European Commission drops key charge against Apple over forcing developers to use App Store payment system as case nears second year
The European Commission has narrowed an antitrust case it brought against Apple nearly two years ago, focusing on App Store policies that it said at the time gave it an effective “monopoly” on iPhone and iPad music streaming services.
The Commission said it will now focus on App Store rules that prevent developers from informing users of other ways they can make purchases, bypassing Apple’s own payment mechanism.
The EU’s executive branch said the restriction violates the bloc’s rules against unfair trading conditions.
Apple charges commissions of up to 30 percent on purchases made through its own system.
The Commission said Apple’s “anti-steering obligations” for developers are “neither necessary nor proportionate for the provision of the App Store on iPhones and iPads and that they are detrimental to users of music streaming services on Apple’s mobile devices who may end up paying more”.
The Commission said it was dropping an earlier charge that focused on Apple’s requirement that developers use Apple’s own payment system.
Apple said it was pleased the Commission had narrowed its case and said it would continue to work with the regulator to understand and respond to its concerns.

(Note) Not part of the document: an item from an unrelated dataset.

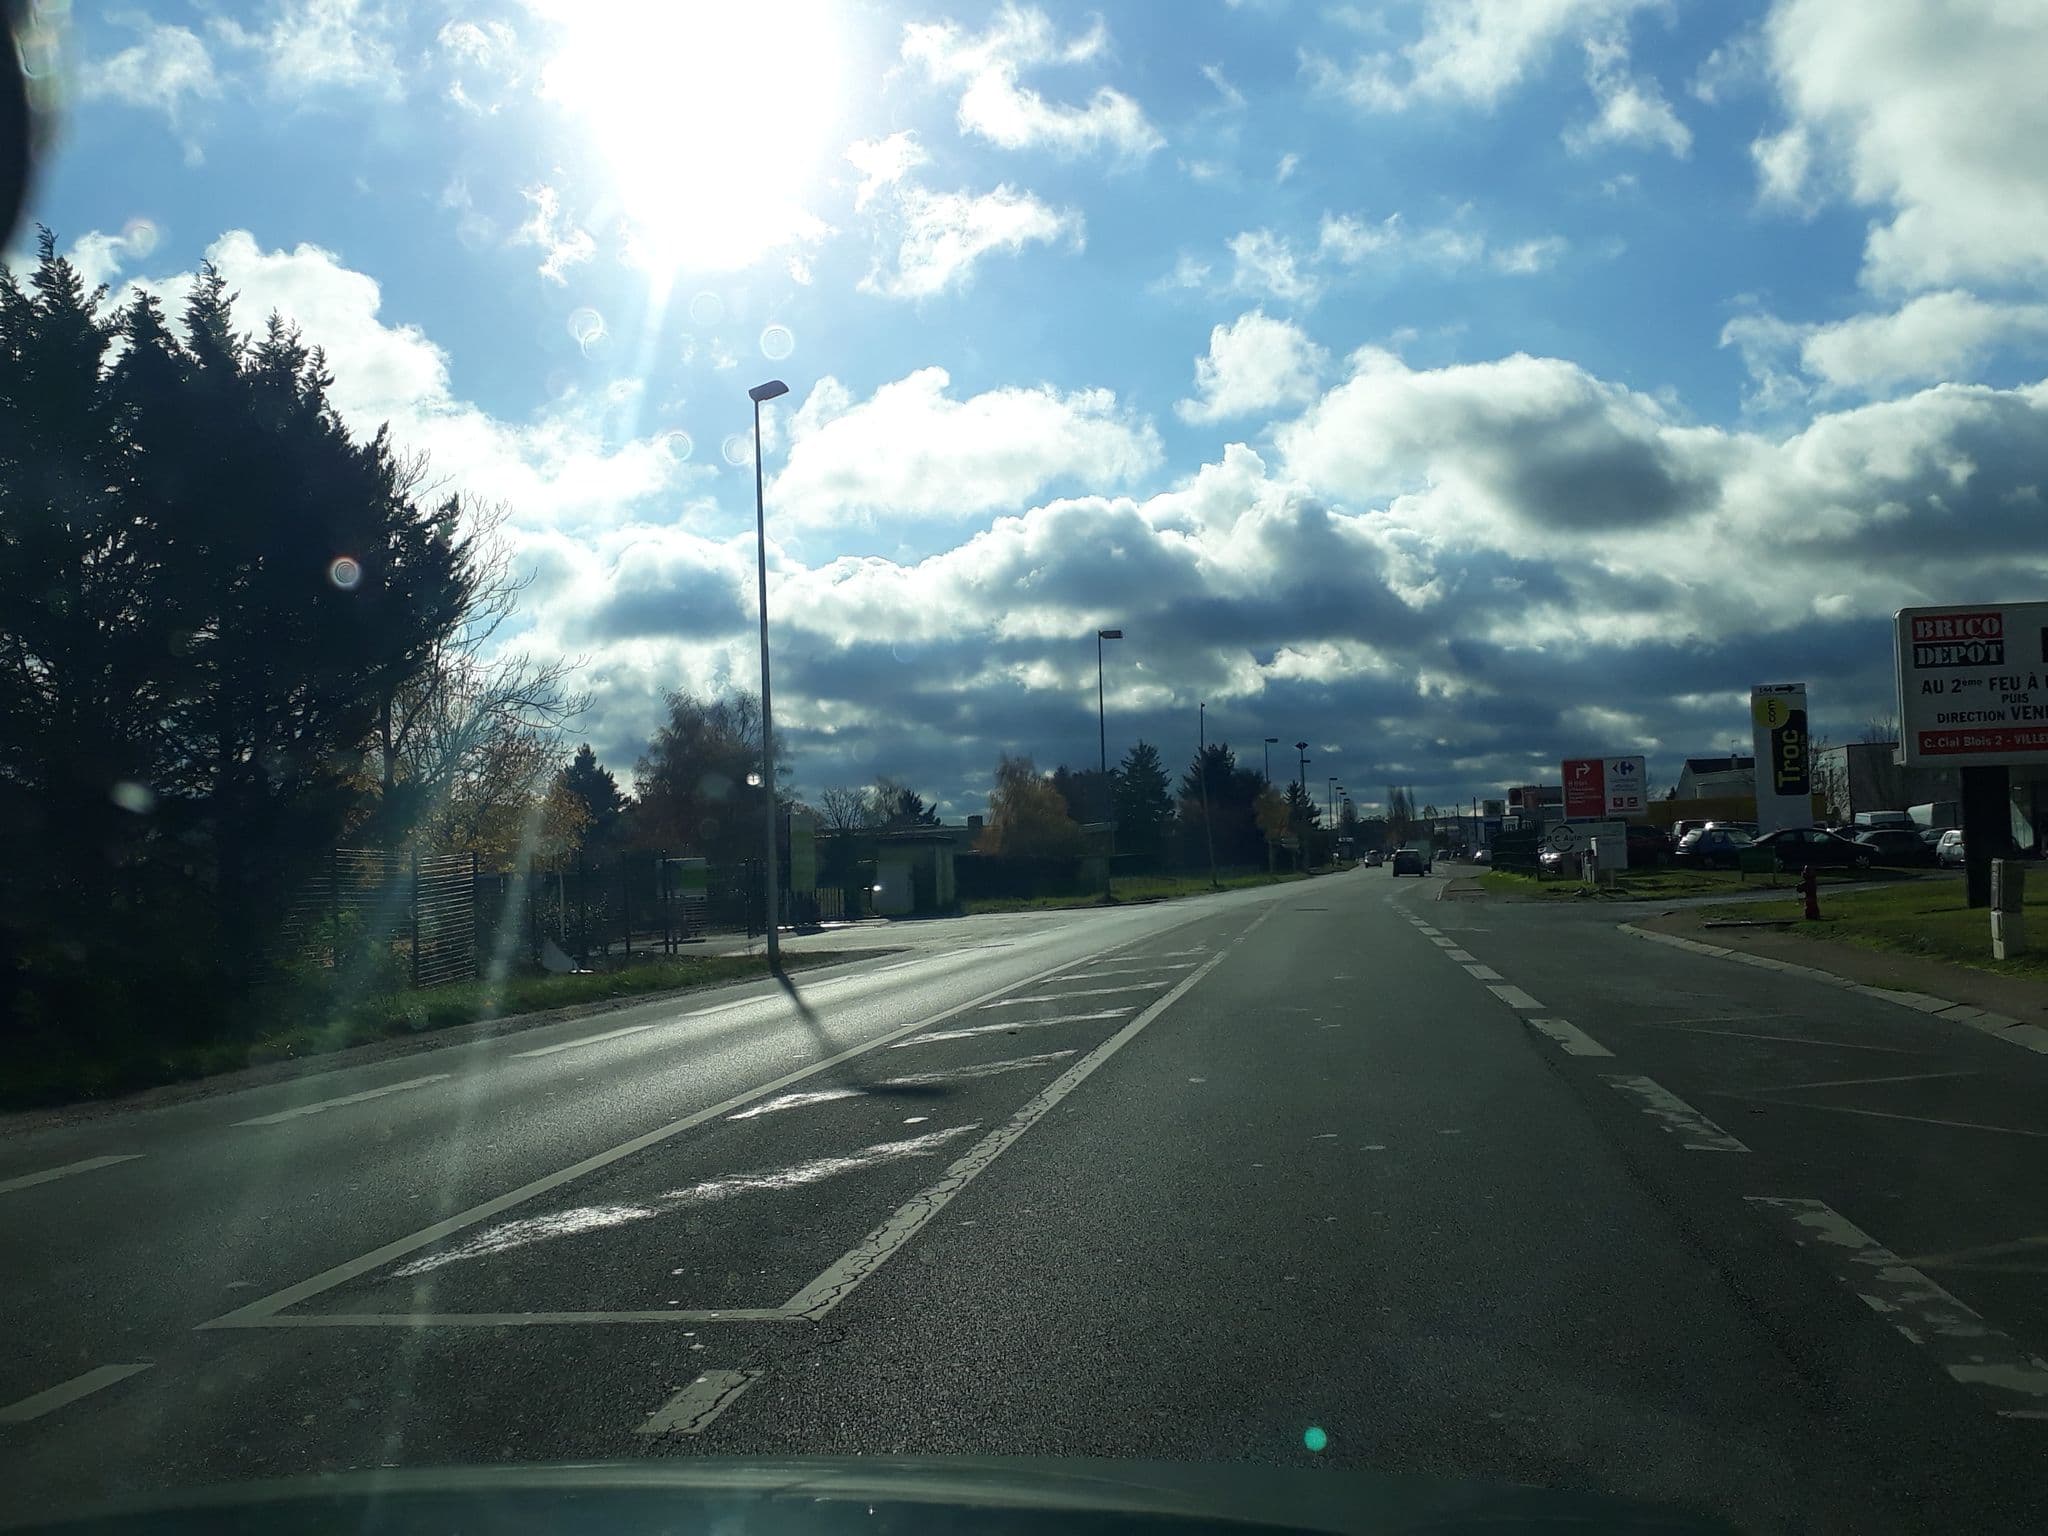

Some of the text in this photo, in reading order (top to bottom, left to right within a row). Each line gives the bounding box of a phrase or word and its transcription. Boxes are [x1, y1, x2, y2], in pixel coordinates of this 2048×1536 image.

The firm added that its App Store had helped Spotify become a top music-streaming service “and we hope the European Commission will end its pursuit of a complaint that has no merit”.
The Commission filed its initial charges against Apple in May 2021, following an investigation based on an official March 2019 complaint by Sweden’s Spotify, one of the biggest music streaming services.
Digital Markets Act
Apple said at the time “no store in the world” allows developers to “advertise alternative deals” on their apps.
“Once again, they want all the benefits of the App Store but don’t think they should have to pay anything for that,” Apple stated. “The Commission’s argument on Spotify’s behalf is the opposite of fair competition.”
The EU is bringing in new rules this year under the Digital Markets Act (DMA) that may force changes to the way smartphone app stores operate.
Bloomberg reported in December that Apple was working on mechanisms to open up elements of the App Store and the iPhone and iPad platforms, such as allowing alternative app purchasing platforms, in the event that the company is obliged to do so under the DMA.